If You Love Boutique Coffee Shops Over Starbucks, Here's Why

Impact

It turns out small artisanal shops appeal to more than just the hipster in you. And the reason why has to do with their inventory.

Starbucks boasts that customers have a choice of 87,000 drink combinations. That's a lot of ways to dress a simple "venti" cup of coffee. And while the thrill of having so many choices of milk and syrups at your disposal can be thrilling, it also amps up the anxiety of making a final decision. Multiply that by rush hour coffee-break traffic and you gain a new understanding of the phrase "less is more."

According to a 2000 study published in the Journal of Personality and Social Psychology, having too many choices can make for a stressful shopping experience, leaving the casual shopper paralyzed by indecision.
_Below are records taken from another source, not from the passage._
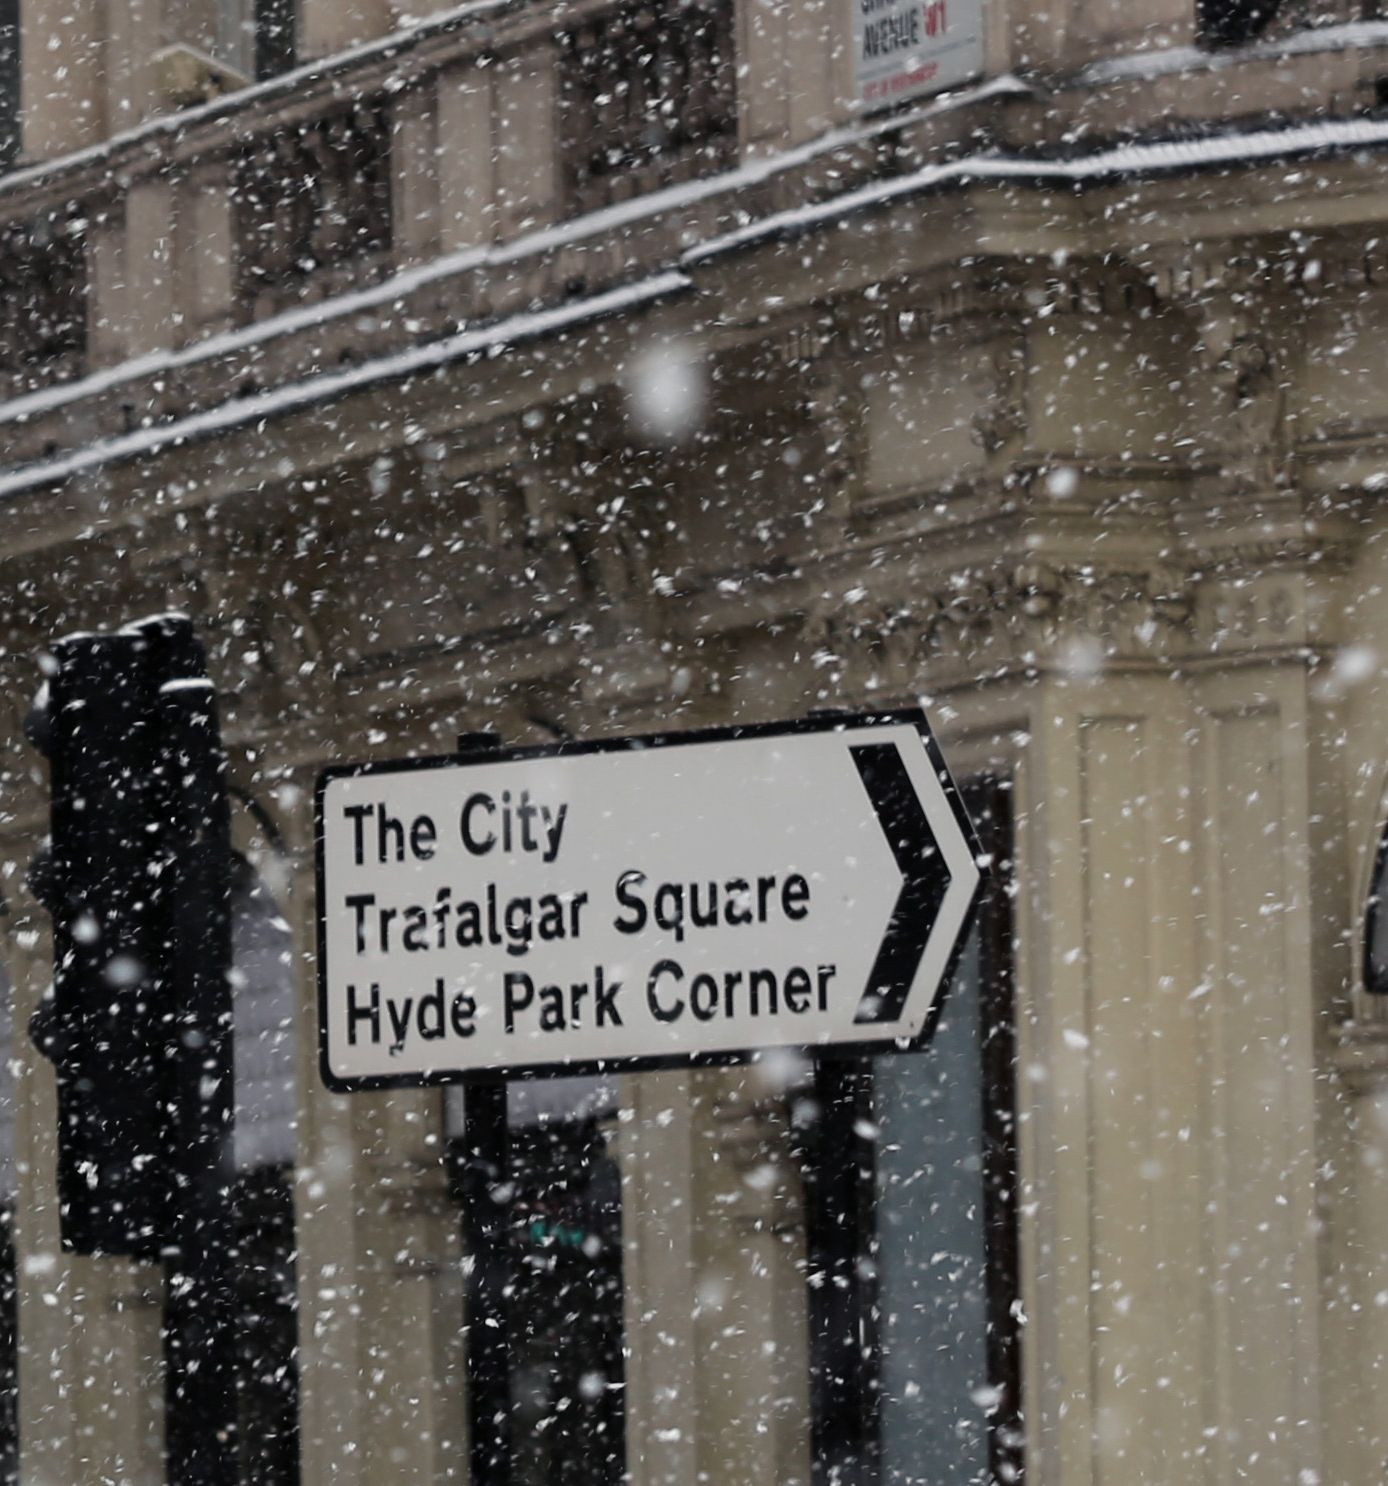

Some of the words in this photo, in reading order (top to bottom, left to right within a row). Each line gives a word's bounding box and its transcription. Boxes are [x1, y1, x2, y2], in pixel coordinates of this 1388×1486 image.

[863, 8, 919, 60] AVENUE
[344, 803, 437, 865] The
[460, 790, 568, 862] City
[345, 881, 589, 955] Trafalgar
[614, 869, 811, 941] Square
[346, 977, 476, 1056] Hyde
[503, 967, 623, 1034] Park
[646, 959, 837, 1022] Corner
In fact, it tends to discourage a consumer from making a purchase altogether. The trick, the researchers say, is in giving consumers fewer choices to begin with (say, as many as fit on a boutique shop chalkboard). 

Hence artisanal shops, which offer far fewer items to customers than their more generalist counterparts.  

The study isn't new, but the research is still relevant today. Co-authors Sheena Iyengar and Mark Lepper set up a jam display at the front of a grocery store to see how having lots of options might influence a person's likelihood to purchase a given product. Shoppers could stop, sample jam and then proceed into the store and make a purchase if they wanted.

For a few hours, Iyengar's display boasted 24 different types of jam and predictably, a lot of shoppers, 60%, stopped by for a taste. Then she switched things up, displaying only six jams instead. During the hours when fewer jams options were available, only 40% of people entering the store stopped by. The researchers kept a close watch on all the consumers who sampled the jam. They found that even though more people stopped and sampled from the big display, only 3% made a jam purchase that day. 

Of those who had much fewer jam choices to sample, 30% went to the jam aisle and bought one. People were far more likely to pin down a choice when they had fewer options to weigh in on. The proof, as some might say, was in the preserves.

"Choice overload" is real. In an article written for Strategy+Business, Iyengar refers to that frustrated feeling one gets when trying to compare and contrast too many options on the spot. 

People like choice, she writes, but only the idea of it: "Having a large number of choices makes people feel that they can exercise more control over what they buy. And consumers like the promise of choice: the greater number of options, the greater the likelihood of finding something that's perfect for them."

The researchers also pointed out that the world we live in has become flooded with options. Baskin-Robbins and their 31 flavors is no longer a novelty but a norm. According to Iyengar, "the average supermarket has 45,000 products" and Cold Stone Creamery claims that there are 11.5 millions ways to mix up your ice cream treat. Too many choices might even be clouding your dating life, Iyengar writes. Websites like Match.com give members up to 15 million date possibilities. It seems like somewhere in that number should be exactly the right one.

The reality, however, is that humans tend to agonize over too many choices. We like knowing we have the options, but we'd prefer not to be confronted by them, and that's where the smaller shops have got the big chains beat. That is, until they become mainstream.